Summary
This field study investigates the mechanistic pathways through which plant and soil microbial diversity buffer grassland ecosystems against grazing disturbance. The authors quantify ecosystem multifunctionality—the simultaneous provisioning of multiple ecosystem services—and demonstrate that microbial and plant diversity mediate resilience to grazing pressure. The findings suggest that maintaining biological diversity at multiple trophic levels is central to sustaining multifunctional benefits under pastoral management.
UK applicability
The study's focus on upland grassland systems and grazing management is relevant to UK hill farming and moorland contexts, where balancing livestock production with ecosystem service provision is a key policy concern.

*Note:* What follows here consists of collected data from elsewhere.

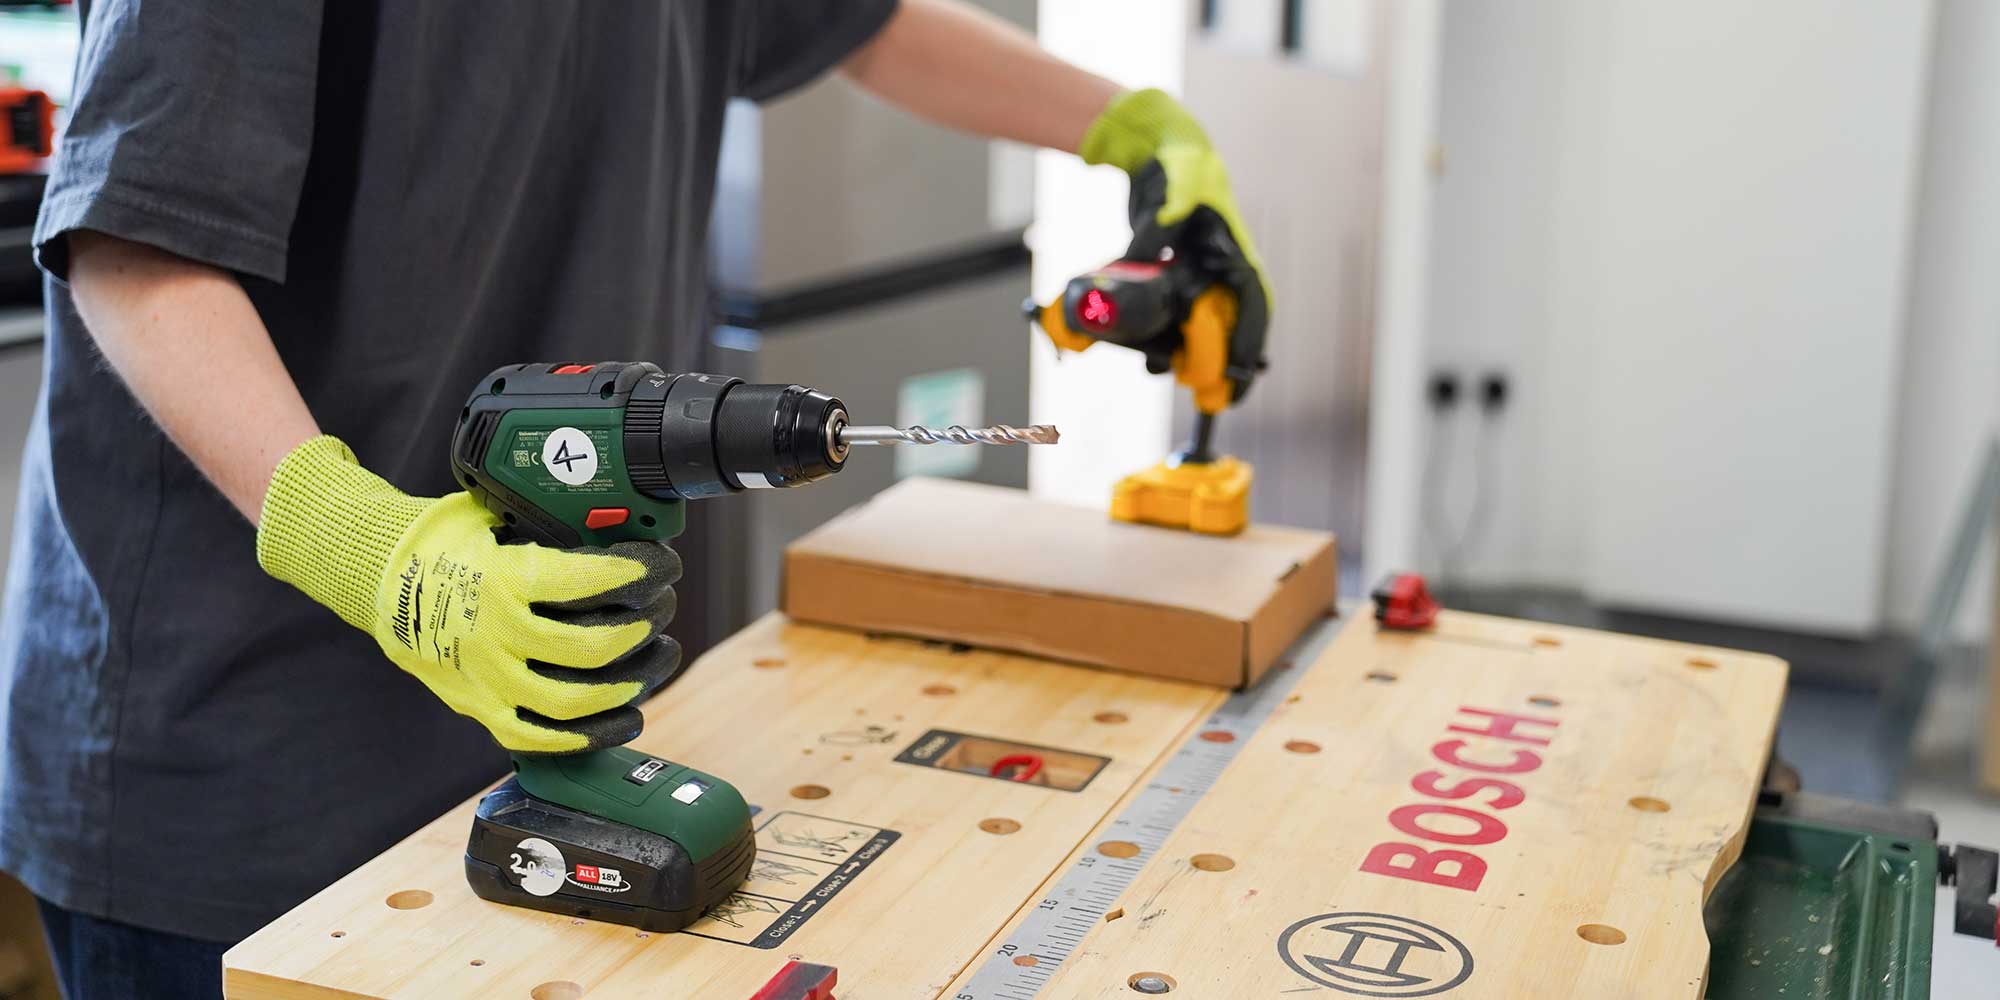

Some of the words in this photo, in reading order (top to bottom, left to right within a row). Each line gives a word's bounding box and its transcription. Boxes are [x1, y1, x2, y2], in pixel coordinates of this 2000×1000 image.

[552, 439, 588, 473] 4
[392, 557, 420, 650] Milwaukee
[1359, 705, 1560, 892] BOSCH
[1078, 856, 1097, 868] 10
[579, 869, 597, 879] ALL
[601, 872, 618, 882] 18V
[769, 914, 803, 939] Close-1
[815, 874, 848, 898] Close-2
[1039, 898, 1060, 911] 15
[996, 943, 1019, 958] 20
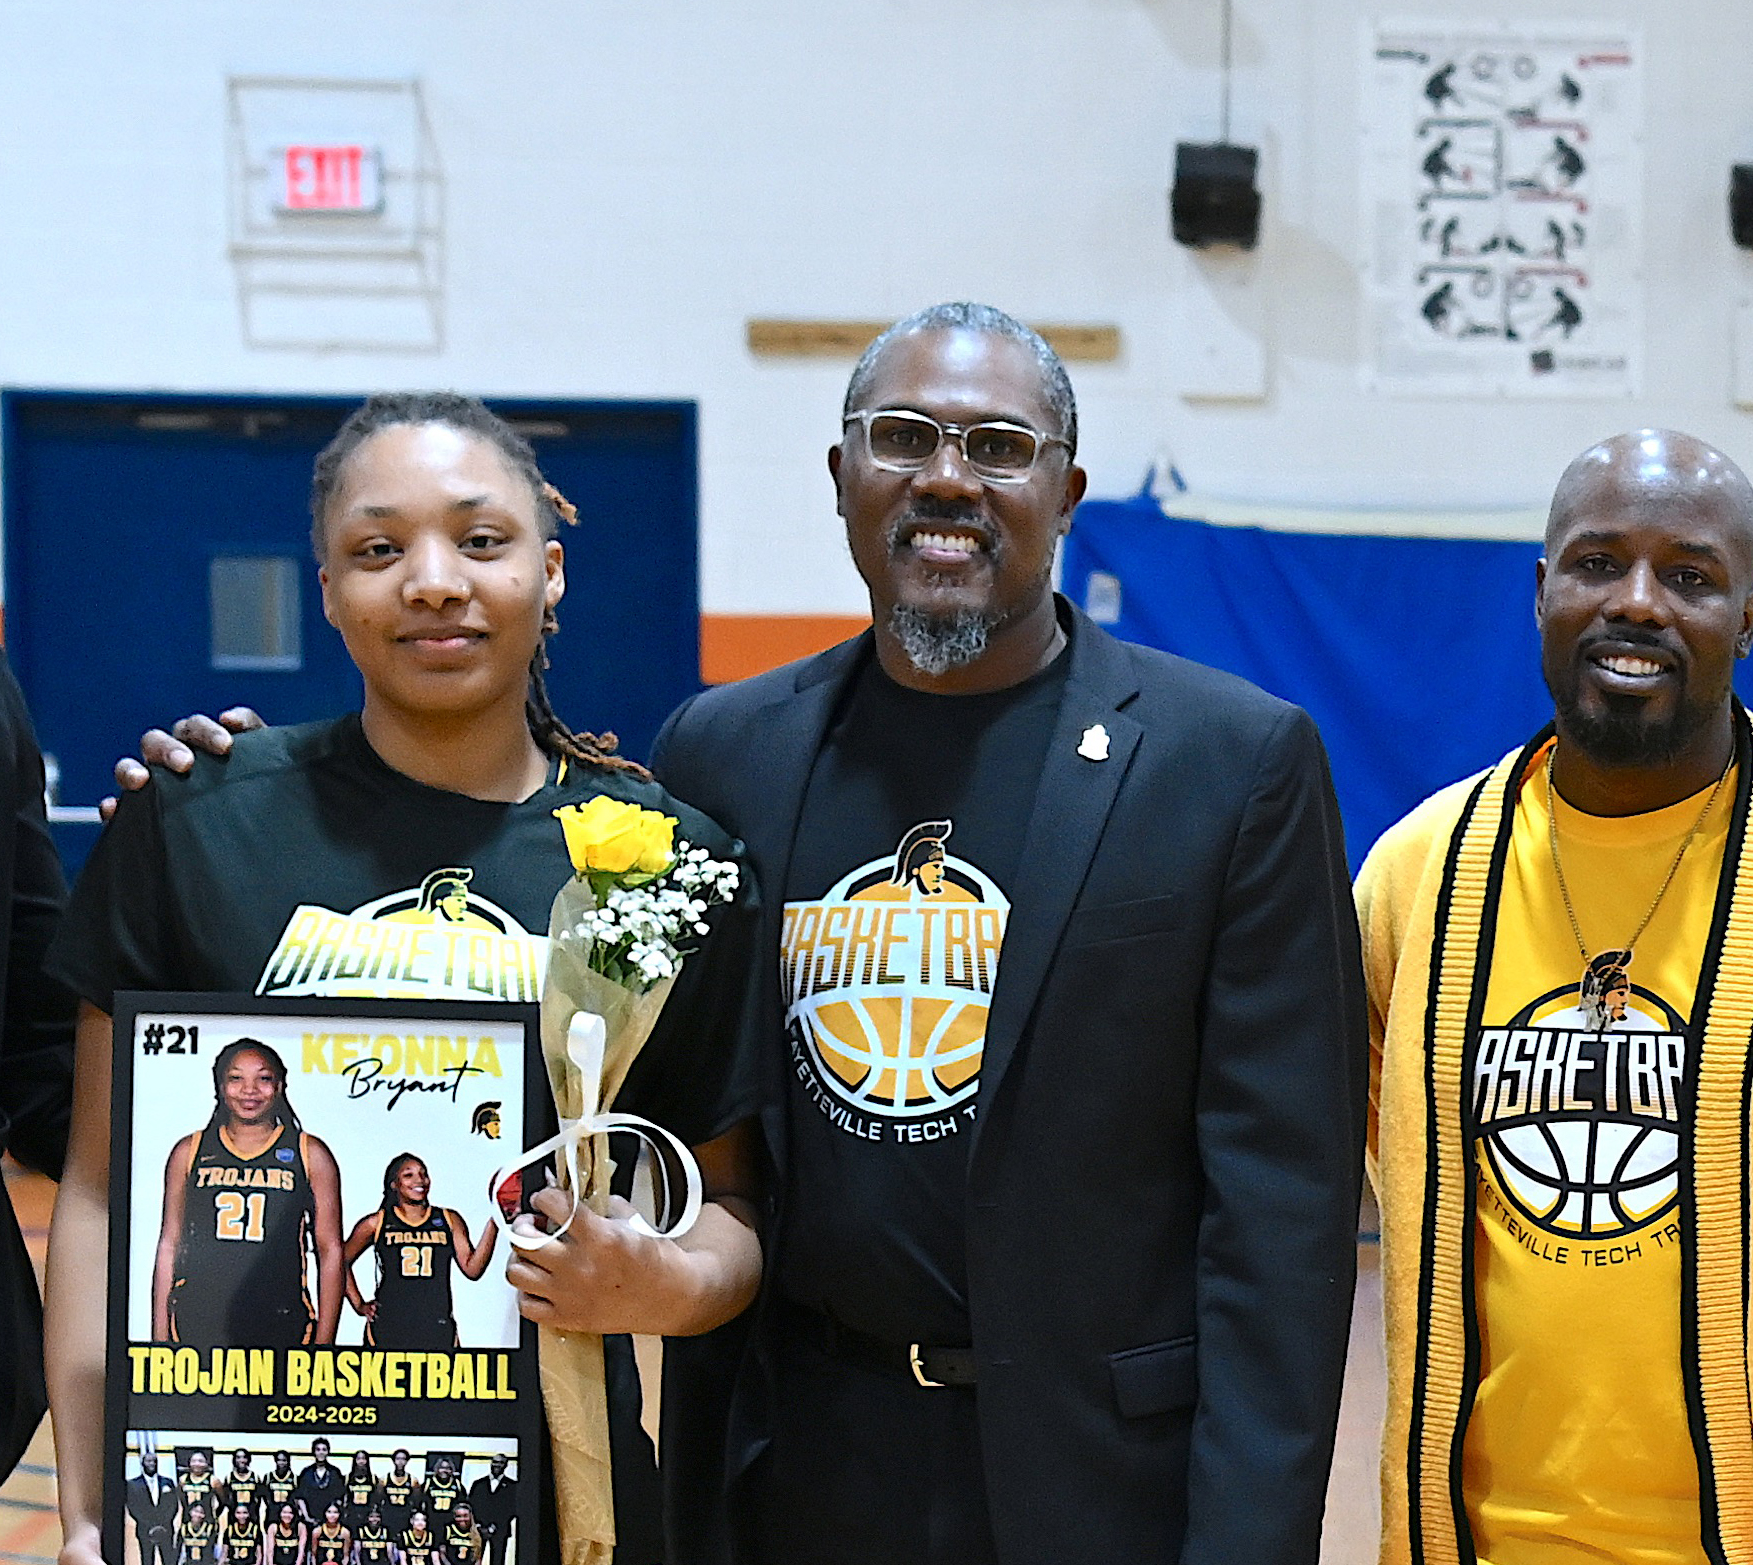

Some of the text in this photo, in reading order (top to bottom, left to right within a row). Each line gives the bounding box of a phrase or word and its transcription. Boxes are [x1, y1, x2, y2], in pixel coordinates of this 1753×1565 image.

[285, 144, 362, 208] EXIT
[143, 1023, 199, 1055] #21
[301, 1032, 503, 1078] KE'ONNA
[342, 1057, 484, 1111] Bryant
[1472, 1029, 1686, 1126] ASKETBA
[893, 1117, 958, 1143] TECH
[197, 1166, 295, 1191] TROJANS
[215, 1192, 265, 1242] 21
[385, 1230, 447, 1246] TROJANS
[1581, 1241, 1642, 1267] TECH
[401, 1247, 433, 1277] 21
[128, 1347, 517, 1401] TROJAN BASKETBALL
[266, 1405, 377, 1425] 2024-2025
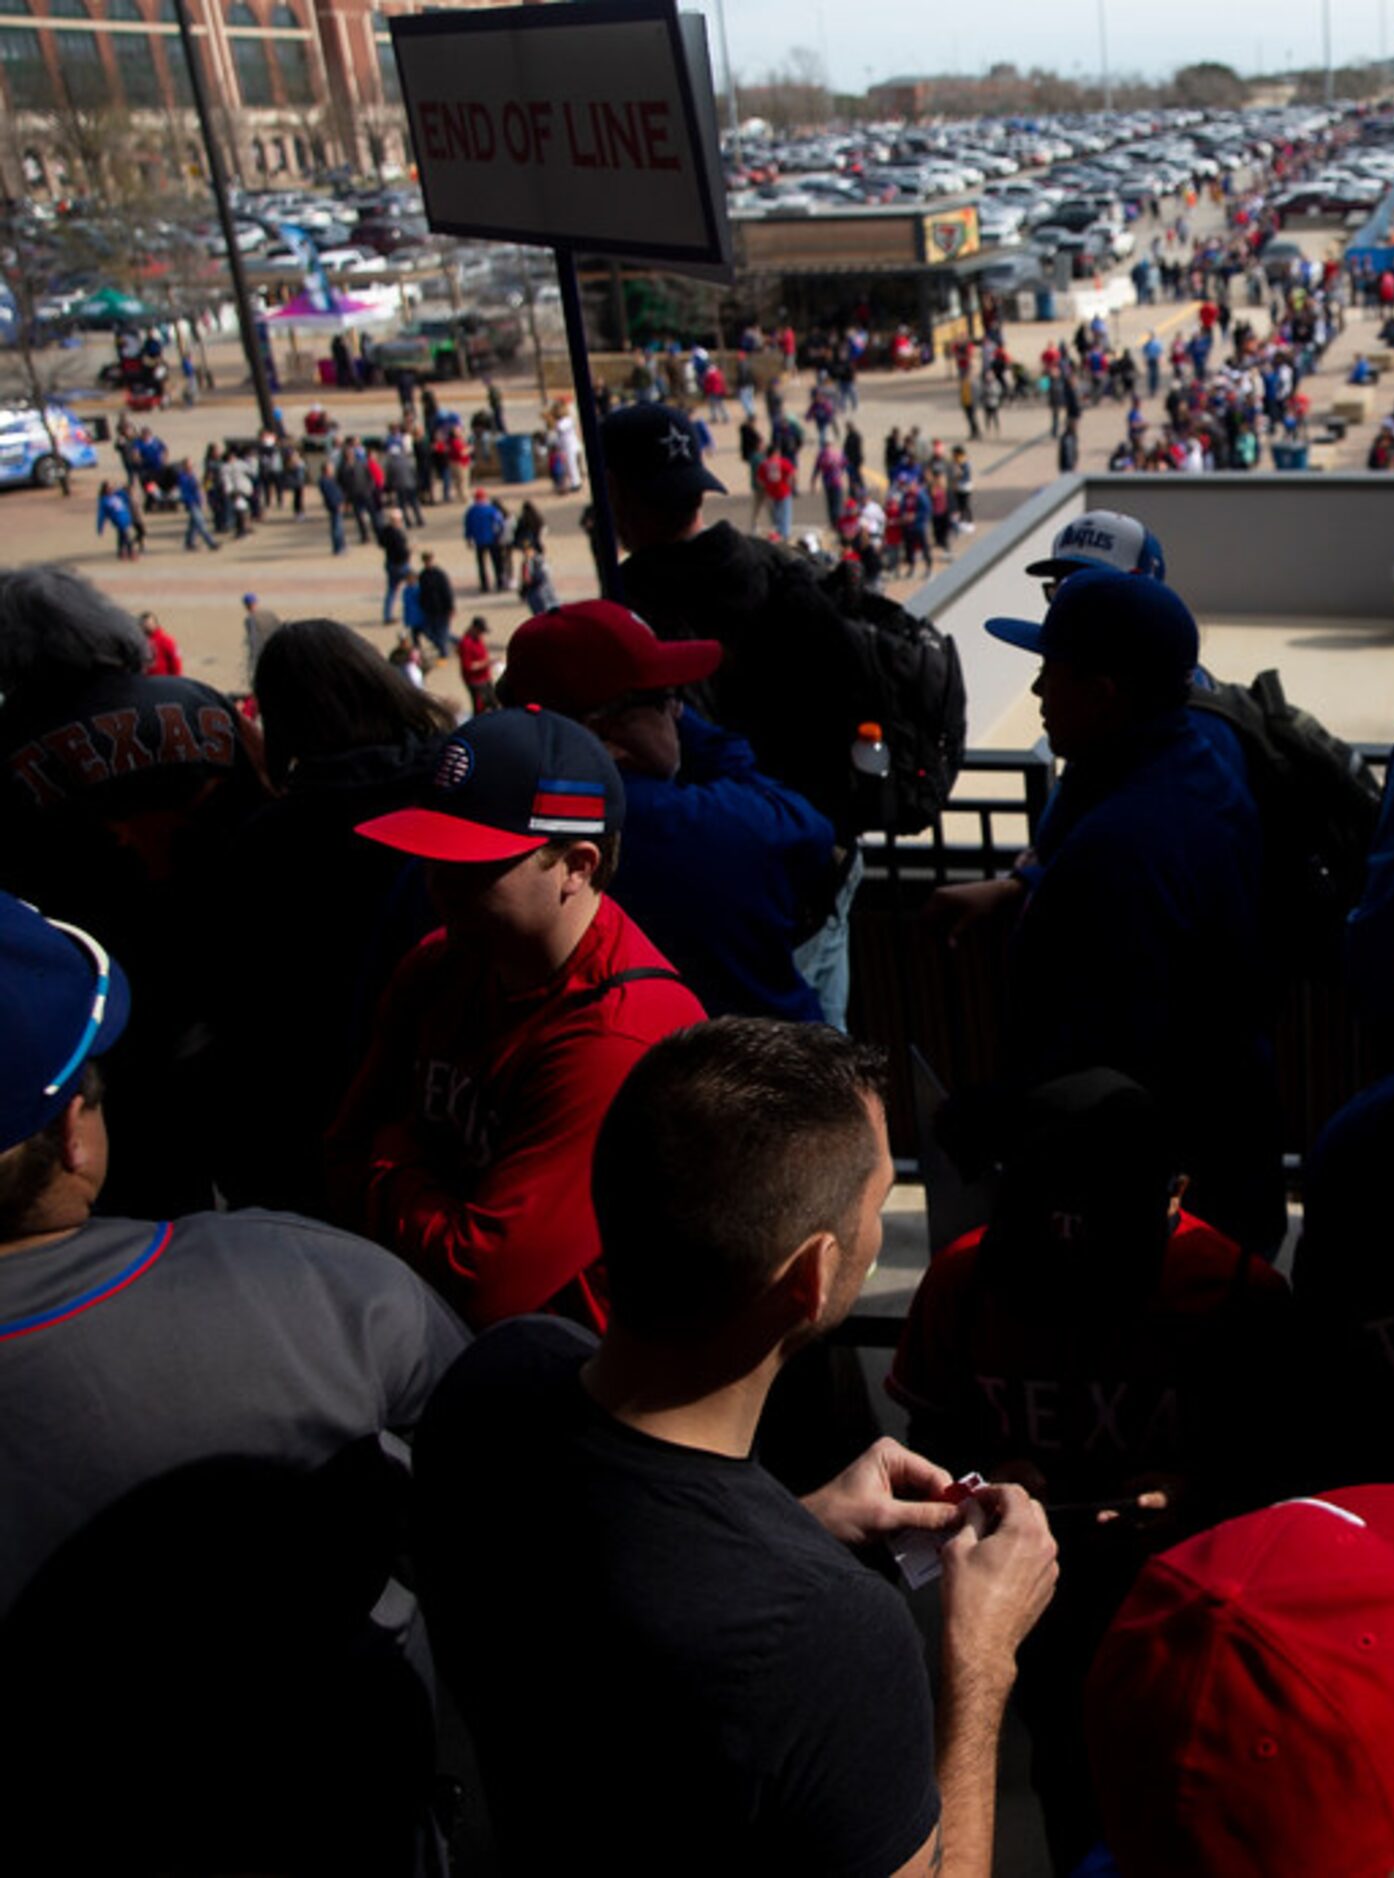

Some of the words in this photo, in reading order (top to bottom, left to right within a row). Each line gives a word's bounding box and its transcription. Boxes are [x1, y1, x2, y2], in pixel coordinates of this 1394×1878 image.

However, the study was conducted in China's grasslands; UK uplands differ climatically and ecologically, so direct applicability to UK practice requires validation in British pastoral systems.
Key measures
Ecosystem multifunctionality index; plant species diversity; soil microbial (bacterial and fungal) community composition and diversity; soil nutrient cycling processes; grazing intensity/disturbance levels
Outcomes reported
The study examined how plant and soil microbial diversity mediate the response of ecosystem multifunctionality (multiple ecosystem services) to grazing disturbance in grassland systems. Multifunctionality was measured across soil nutrient cycling, productivity, and other ecosystem services under varying grazing intensities.